In relation to the neurological etiology that was also excluded from the discussion, we would like to remind the reader that perineal “pain” and “tenderness” are some of the common symptoms of CP that may be caused by the prostate itself or the perineum which are the direct targets of the aforementioned synchronous physical forces and chronic ischemia on the external side of the prostate (32). It should also be considered that the afferent pathways of the prostate related to pain transmission are complicated and not fully understood (33).
Overall, it should be strongly emphasized that CP, and in general CPPSs, are a group of not fully understood clinical disorders without confirmed pathophysiology, and in addition, they are difficult to investigate with well-designed study protocols. However, in this study, we tried to introduce a unique perspective on this clinical status via a discussion of the pure physical forces supported by the literature that can be predicted by simple measurements at a routine physical investigation besides the possible classically reported etiologies.

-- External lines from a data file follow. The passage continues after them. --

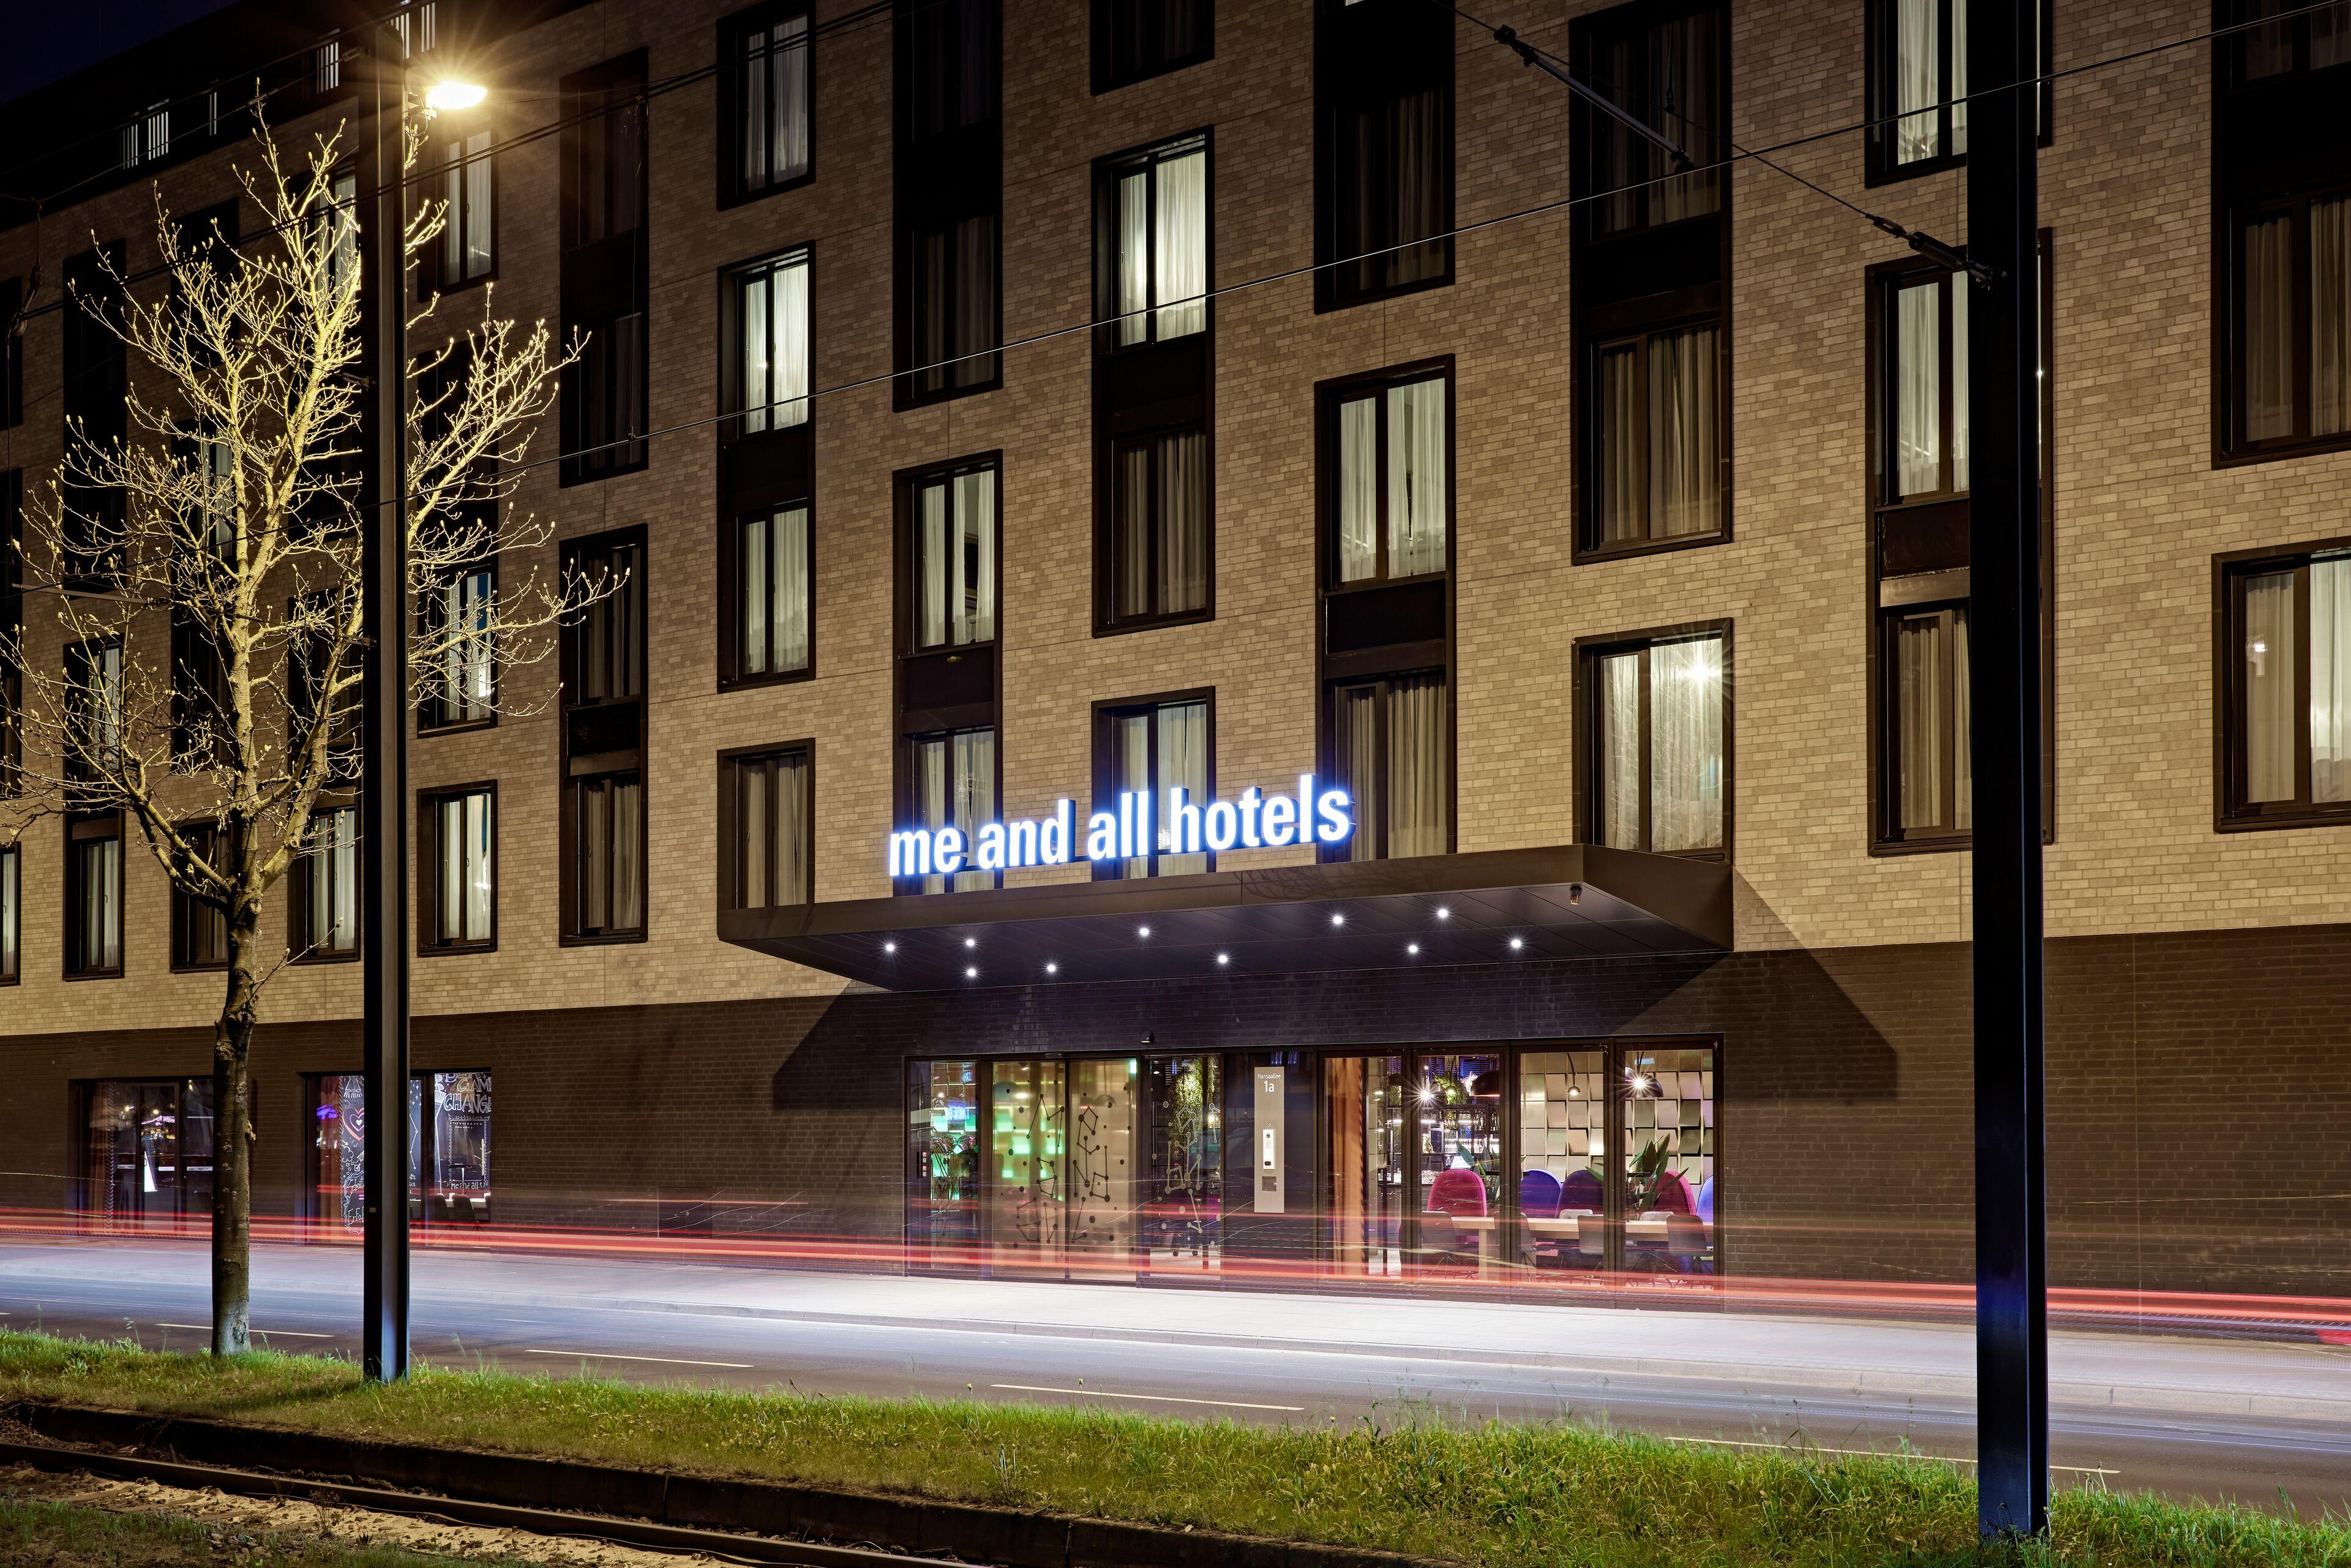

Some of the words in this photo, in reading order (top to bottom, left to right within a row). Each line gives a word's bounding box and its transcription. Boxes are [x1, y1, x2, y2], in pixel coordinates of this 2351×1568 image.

[890, 828, 966, 877] me
[978, 798, 1073, 869] and
[1087, 789, 1151, 861] all
[1171, 773, 1352, 853] hotels
[457, 1076, 492, 1093] GAM
[1264, 1080, 1275, 1092] 1a
[443, 1092, 492, 1114] CHANGE

For clinical practice, we think that AGD is a simple measurement that can be applied during the inspection phase of a digital rectal investigation for CP that can help the physician confirm the diagnosis of CP. Moreover, if our hypothesis is confirmed by further well-designed experimental and clinical studies, some novel surgical techniques, such as ureterolysis in retroperitoneal fibrosis or for some gynecologic operations, to loosen the prostate from the fascia-like connective surrounding structures to mitigate the detrimental effects of chronic tension may possible surgical treatments for CP, especially for the selected cases who have a reduced AGD. Regarding the aim of the study, we suggest the release of the pubo-prostatic ligaments, and endopelvic, levator, and prostatic facias to possibly help to reduce pressure on the prostate in patients with CP but care must be taken not to destroy the neurovascular bundle to preserve erection capability. All these structures and their dissection were defined in detail by Walsh (34) Current surgical interventions include transurethral removal of prostatic tissue (TURP), radical TURP, transurethral vaporization of the prostate (TUVP), and even radical prostatectomy for the refractory cases, however, the efficacy and safety of these surgical treatment options are not sufficient for the evidence-based practice and are generally conducted for chronic bacterial prostatitis (4). Nevertheless, the present defined prostate-releasing surgeries, especially minimally invasive laparoscopic surgery with/without robot assistance, cannot be considered unsafe in comparison with those that target the removal of prostatic tissue. However, as an interesting noteworthy critique, novel surgical methods for the prostate are supposed to have an upward trend in cost and result in a significant load on the healthcare system (35).
To conclude, apart from the current knowledge, AGD can not only provide information about the male urogenital system pathologies via embryologic hormonal pathways, but we also hypothesize that AGD may be a physical sign of histological/clinical prostatitis due to a shortened perineum.